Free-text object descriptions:

◆ ◆ ◆ ◆ ◆ ◆ ◆

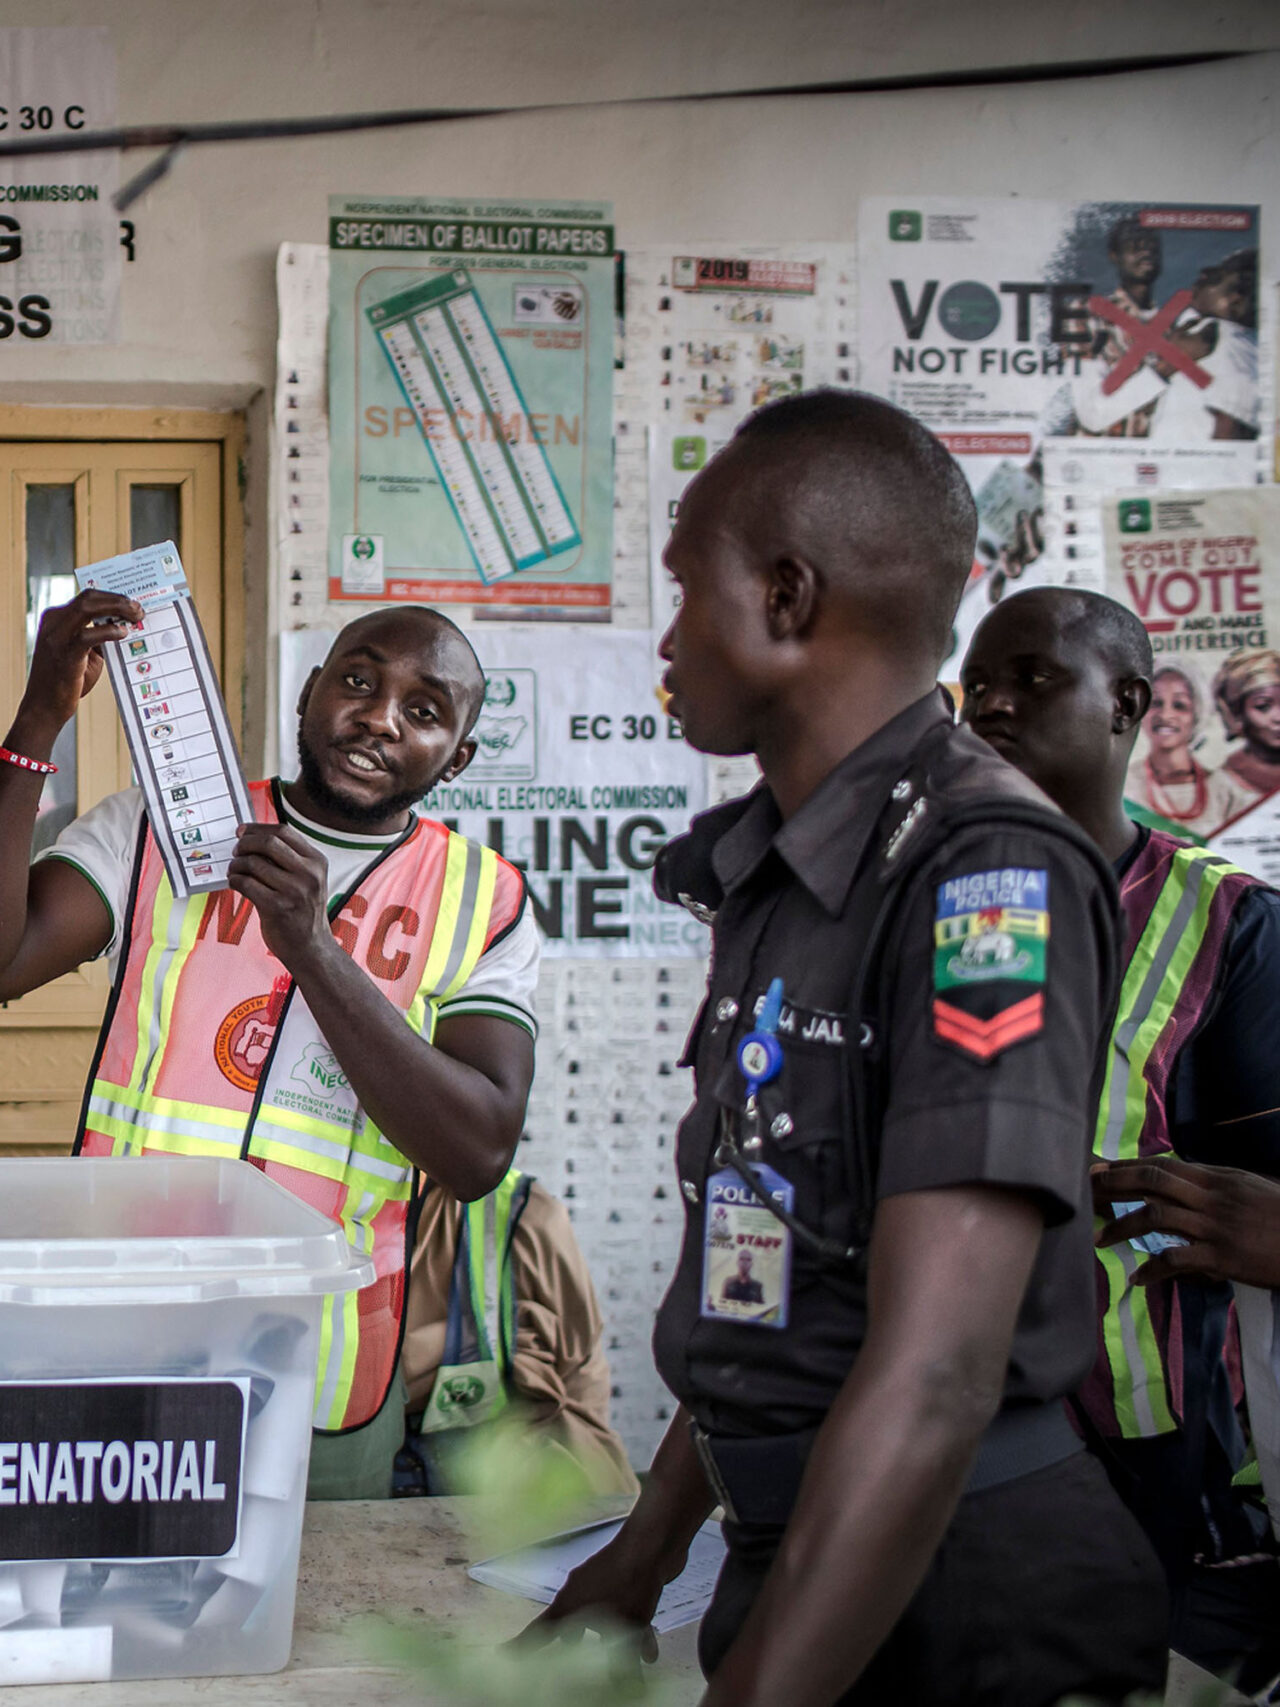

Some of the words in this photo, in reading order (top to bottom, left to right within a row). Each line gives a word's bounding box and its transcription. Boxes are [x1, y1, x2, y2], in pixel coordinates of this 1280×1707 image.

[19, 107, 53, 130] 30
[64, 105, 85, 129] C
[345, 203, 418, 215] INDEPENDENT
[421, 205, 469, 216] NATIONAL
[474, 206, 533, 218] ELECTORAL
[538, 208, 603, 220] COMMISSION
[336, 222, 428, 246] SPECIMEN
[432, 225, 457, 247] OF
[462, 226, 533, 249] BALLOT
[536, 229, 607, 252] PAPERS
[474, 258, 528, 269] GENERAL
[530, 260, 588, 271] ELECTIONS
[700, 261, 748, 280] 2019
[893, 347, 967, 374] NOT
[980, 347, 1085, 375] FIGHT
[364, 406, 579, 447] SPECIMEN
[1180, 539, 1198, 549] OF
[1122, 550, 1192, 570] COME
[1125, 567, 1263, 617] VOTE
[1183, 617, 1215, 630] AND
[1220, 614, 1264, 628] MAKE
[1153, 630, 1267, 653] DIFFERENCE
[570, 715, 611, 740] EC
[622, 715, 656, 740] 30
[420, 788, 493, 811] NATIONAL
[498, 787, 587, 810] ELECTORAL
[591, 785, 688, 808] COMMISSION
[945, 869, 1040, 900] NIGERIA
[527, 877, 630, 938] NE
[955, 888, 1024, 913] POLICE
[231, 1000, 263, 1020] YOUTH
[310, 1061, 348, 1088] INEC
[273, 1096, 323, 1117] ELECTORAL
[276, 1088, 335, 1110] INDEPENDENT
[736, 1233, 783, 1249] STAFF
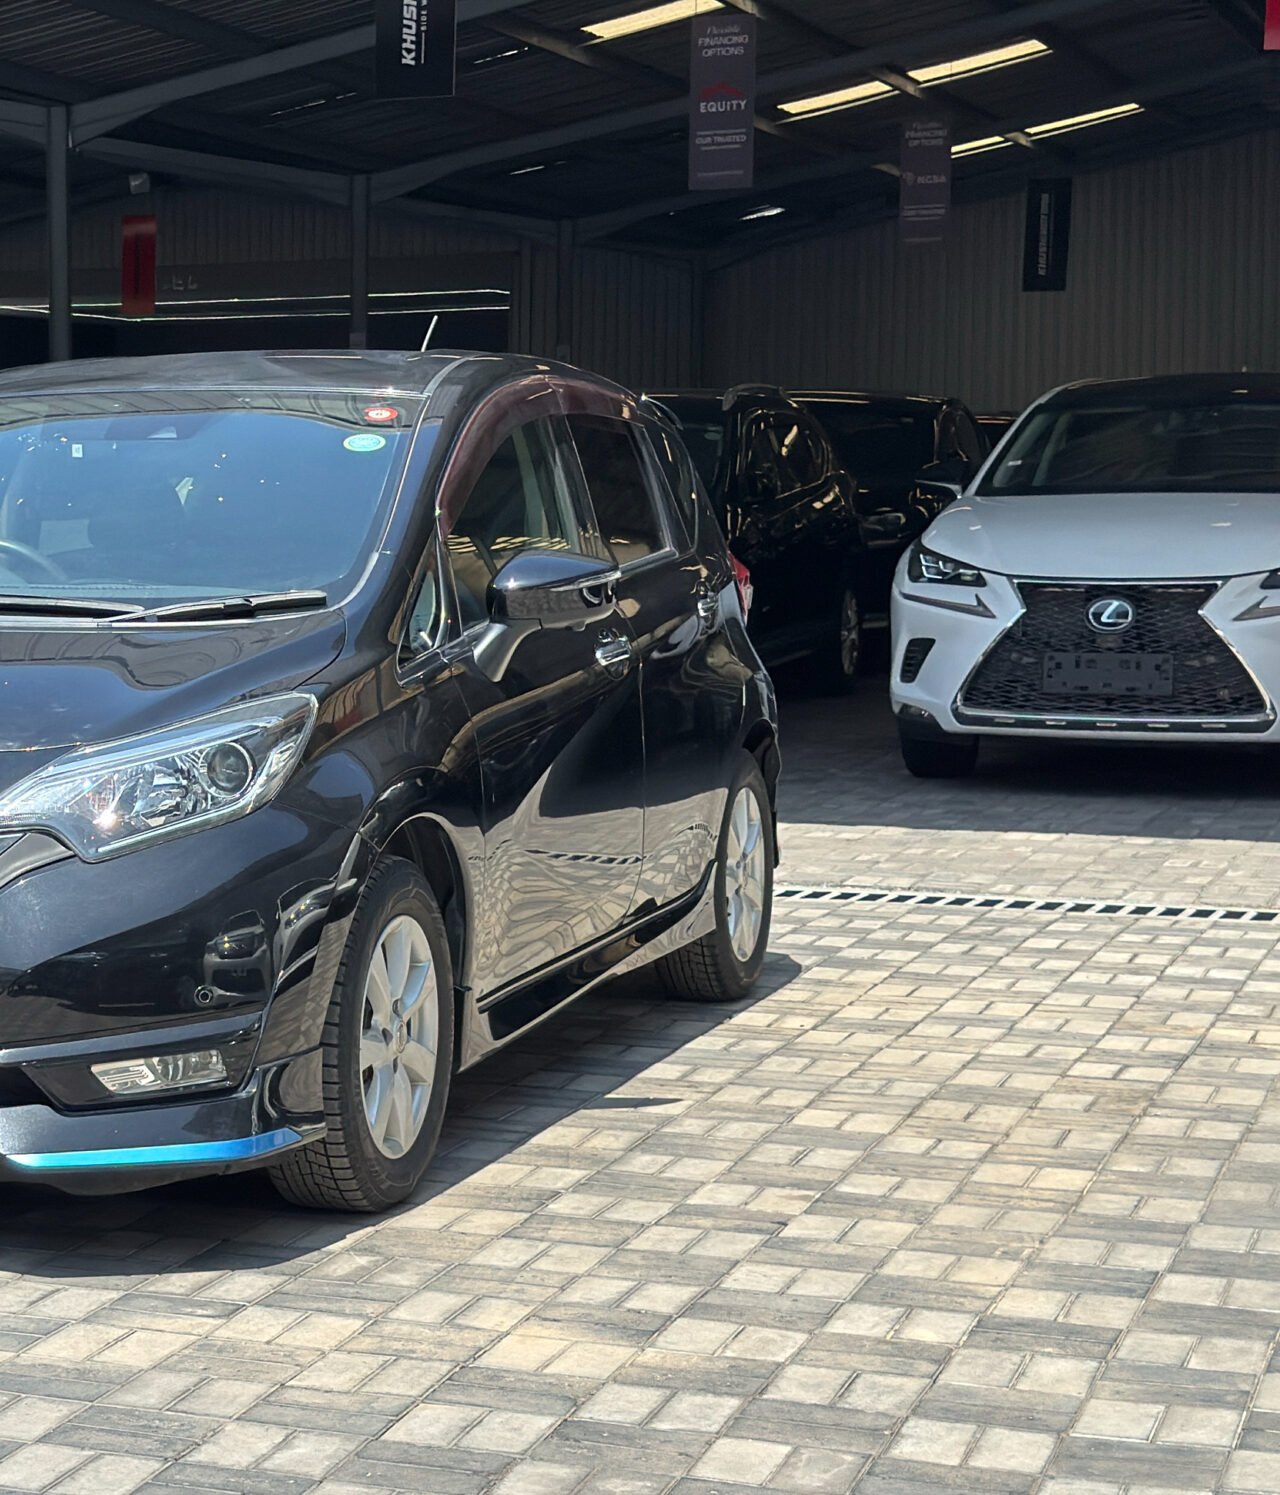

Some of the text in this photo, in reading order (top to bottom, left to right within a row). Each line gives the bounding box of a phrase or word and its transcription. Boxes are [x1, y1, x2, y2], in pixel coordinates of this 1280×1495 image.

[698, 34, 749, 46] FINANCING
[702, 46, 745, 57] OPTIONS
[699, 99, 748, 113] EQUITY
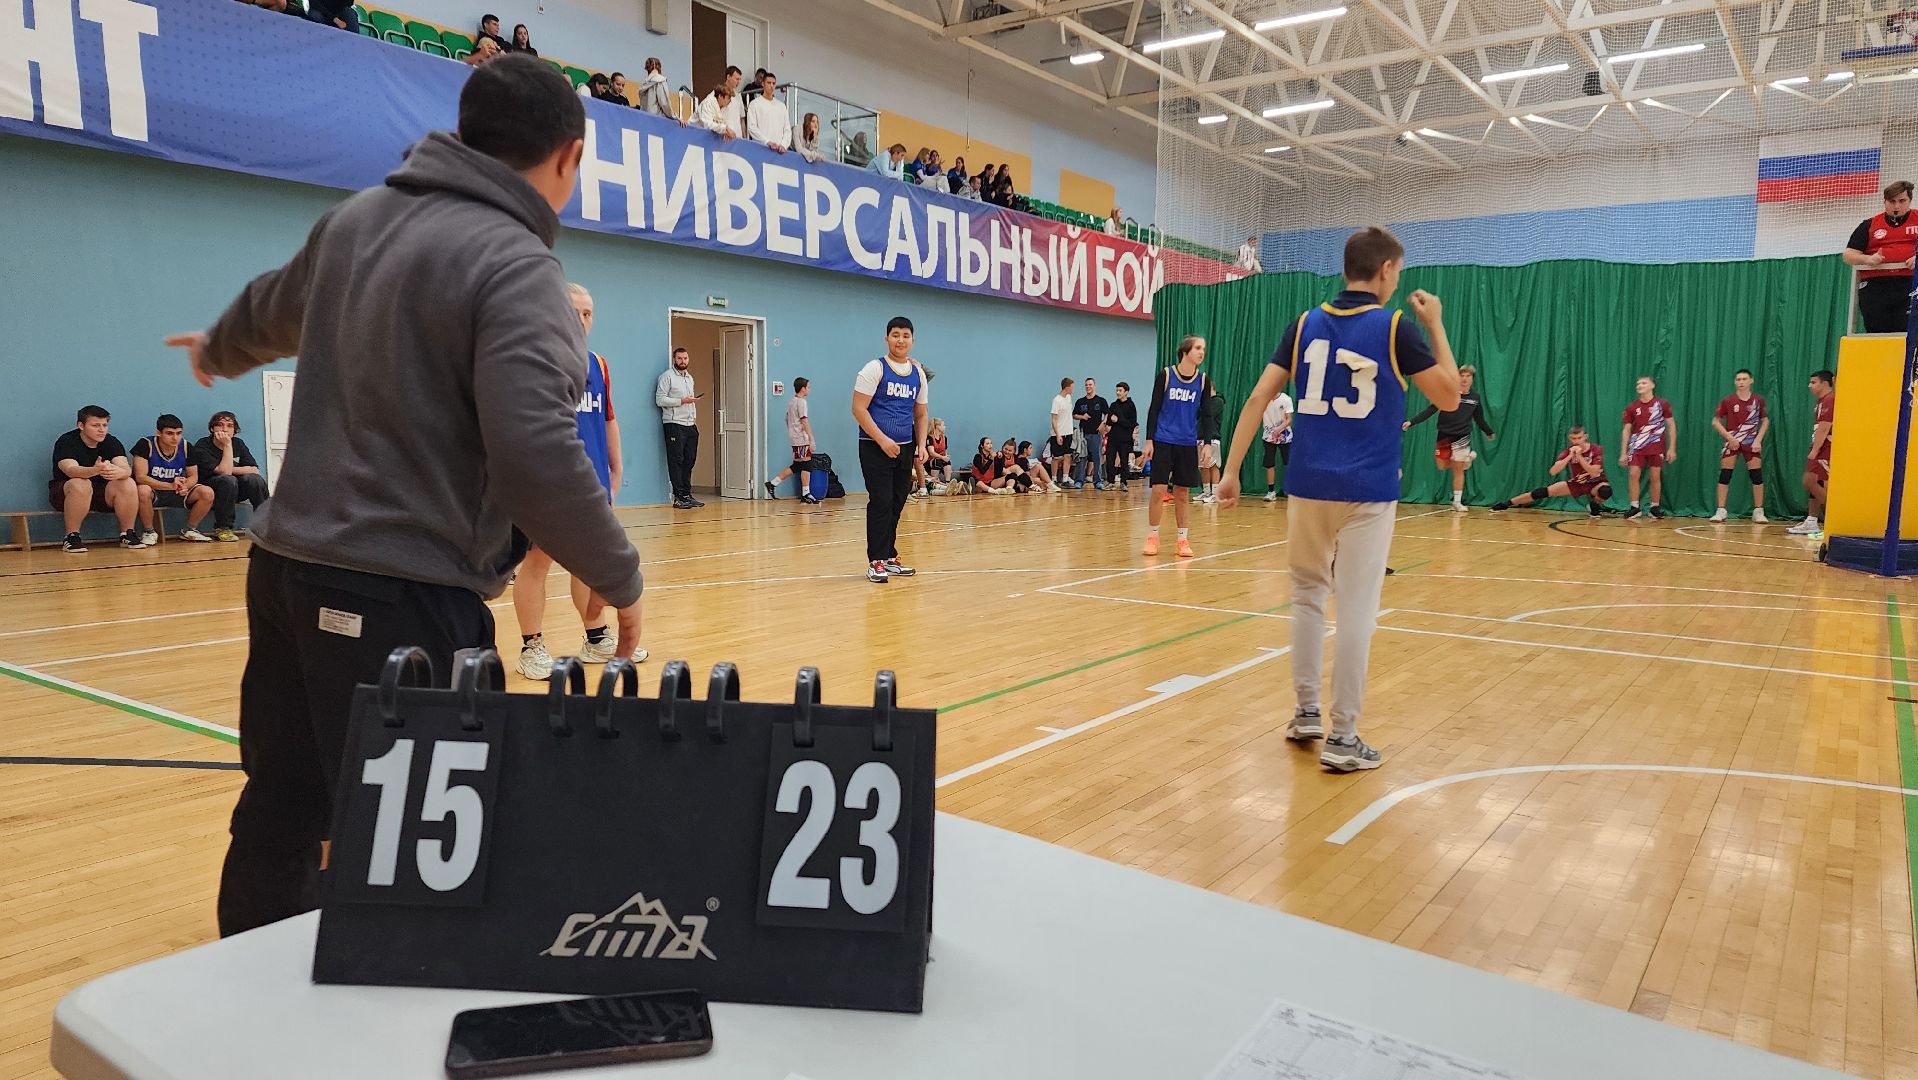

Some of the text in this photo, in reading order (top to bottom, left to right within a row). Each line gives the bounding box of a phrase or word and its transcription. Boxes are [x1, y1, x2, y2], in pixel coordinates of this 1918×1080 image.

[579, 118, 1165, 314] НИВЕРСАЛЬНЫЙ БОЙ
[575, 391, 602, 413] Ш-1
[886, 381, 917, 400] ВСШ-1
[1169, 387, 1197, 403] ВСШ-1
[1297, 338, 1379, 419] 13
[151, 465, 183, 479] ВСШ-1
[361, 738, 490, 892] 15
[766, 759, 902, 915] 23
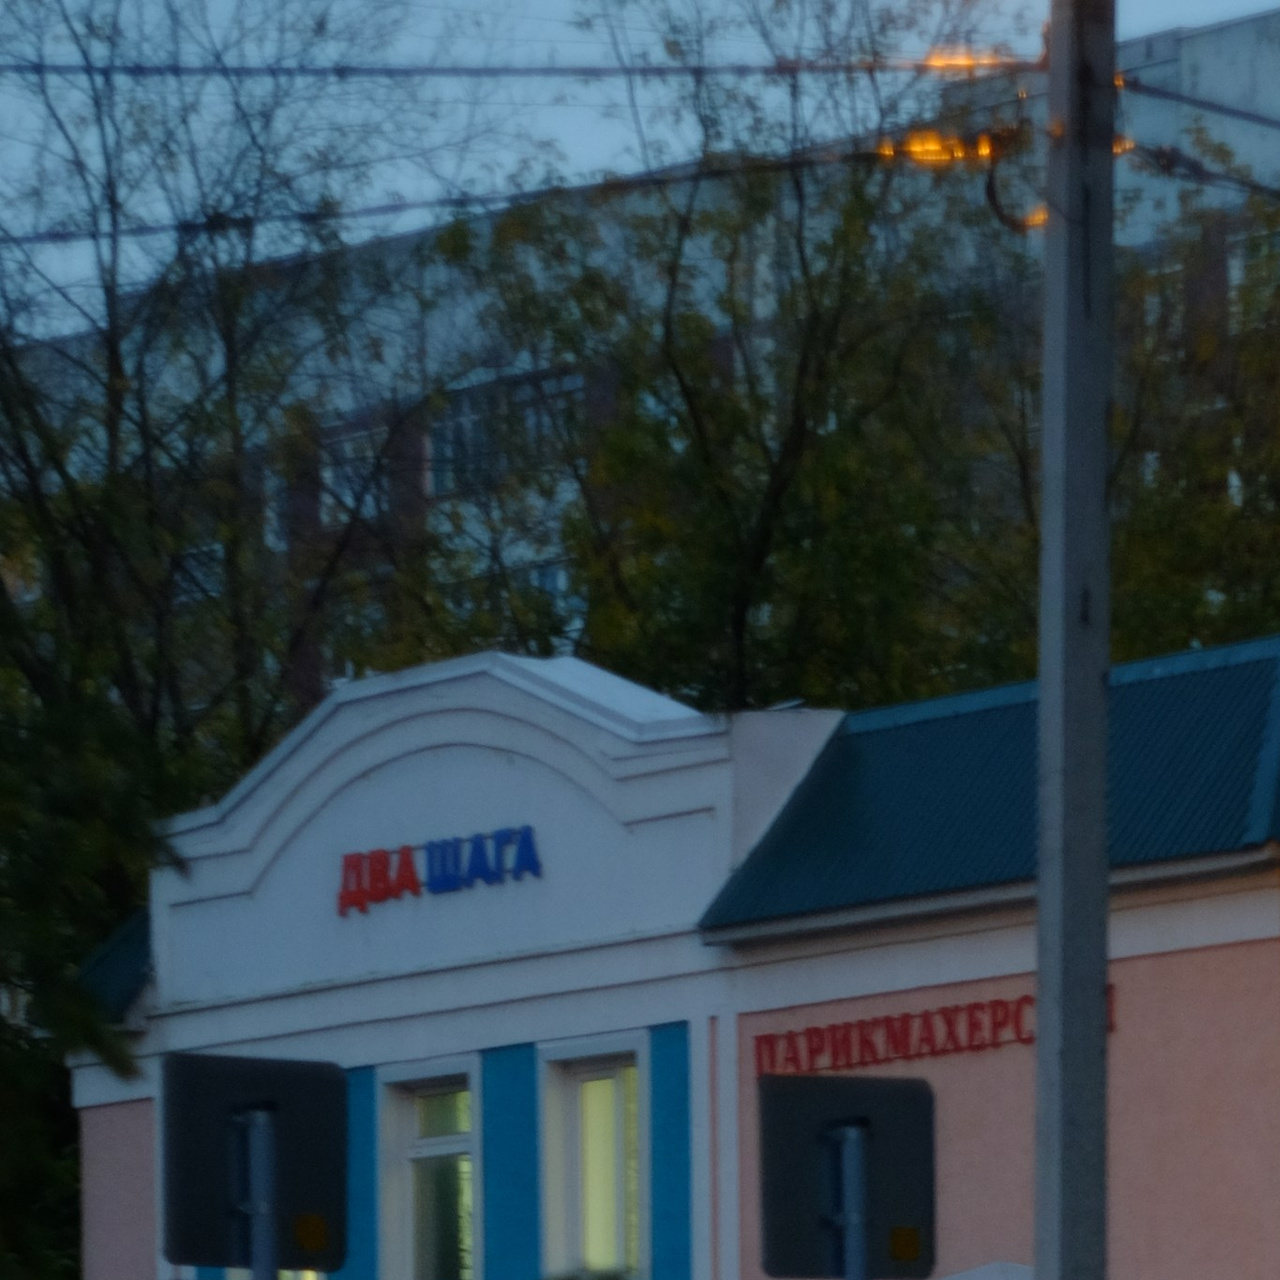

◆ ◆ ◆ ◆ ◆ ◆ ◆

__What to produce__
Every line above should be printed again word for word, without its pictures.

__The answer__
Some of the words in this photo, in reading order (top to bottom, left to right within a row). Each line gives a word's bounding box and its transcription. Boxes are [x1, y1, x2, y2], in pixel coordinates of this 1280×1707 image.

[19, 107, 53, 130] 30
[64, 105, 85, 129] C
[345, 203, 418, 215] INDEPENDENT
[421, 205, 469, 216] NATIONAL
[474, 206, 533, 218] ELECTORAL
[538, 208, 603, 220] COMMISSION
[336, 222, 428, 246] SPECIMEN
[432, 225, 457, 247] OF
[462, 226, 533, 249] BALLOT
[536, 229, 607, 252] PAPERS
[474, 258, 528, 269] GENERAL
[530, 260, 588, 271] ELECTIONS
[700, 261, 748, 280] 2019
[893, 347, 967, 374] NOT
[980, 347, 1085, 375] FIGHT
[364, 406, 579, 447] SPECIMEN
[1180, 539, 1198, 549] OF
[1122, 550, 1192, 570] COME
[1125, 567, 1263, 617] VOTE
[1183, 617, 1215, 630] AND
[1220, 614, 1264, 628] MAKE
[1153, 630, 1267, 653] DIFFERENCE
[570, 715, 611, 740] EC
[622, 715, 656, 740] 30
[420, 788, 493, 811] NATIONAL
[498, 787, 587, 810] ELECTORAL
[591, 785, 688, 808] COMMISSION
[945, 869, 1040, 900] NIGERIA
[527, 877, 630, 938] NE
[955, 888, 1024, 913] POLICE
[231, 1000, 263, 1020] YOUTH
[310, 1061, 348, 1088] INEC
[273, 1096, 323, 1117] ELECTORAL
[276, 1088, 335, 1110] INDEPENDENT
[736, 1233, 783, 1249] STAFF

Some of the text in this photo, in reading order (top to bottom, left to right within a row). Each line gives the bounding box of a phrase or word and its transcription. Boxes are [x1, y1, x2, y2], in pixel coordinates of this 1280×1495 image.

[698, 34, 749, 46] FINANCING
[702, 46, 745, 57] OPTIONS
[699, 99, 748, 113] EQUITY

Some of the text in this photo, in reading order (top to bottom, left to right within a row). Each line gives the bounding box of a phrase or word and its transcription. Boxes are [x1, y1, x2, y2], in pixel coordinates of this 1918×1080 image.

[579, 118, 1165, 314] НИВЕРСАЛЬНЫЙ БОЙ
[575, 391, 602, 413] Ш-1
[886, 381, 917, 400] ВСШ-1
[1169, 387, 1197, 403] ВСШ-1
[1297, 338, 1379, 419] 13
[151, 465, 183, 479] ВСШ-1
[361, 738, 490, 892] 15
[766, 759, 902, 915] 23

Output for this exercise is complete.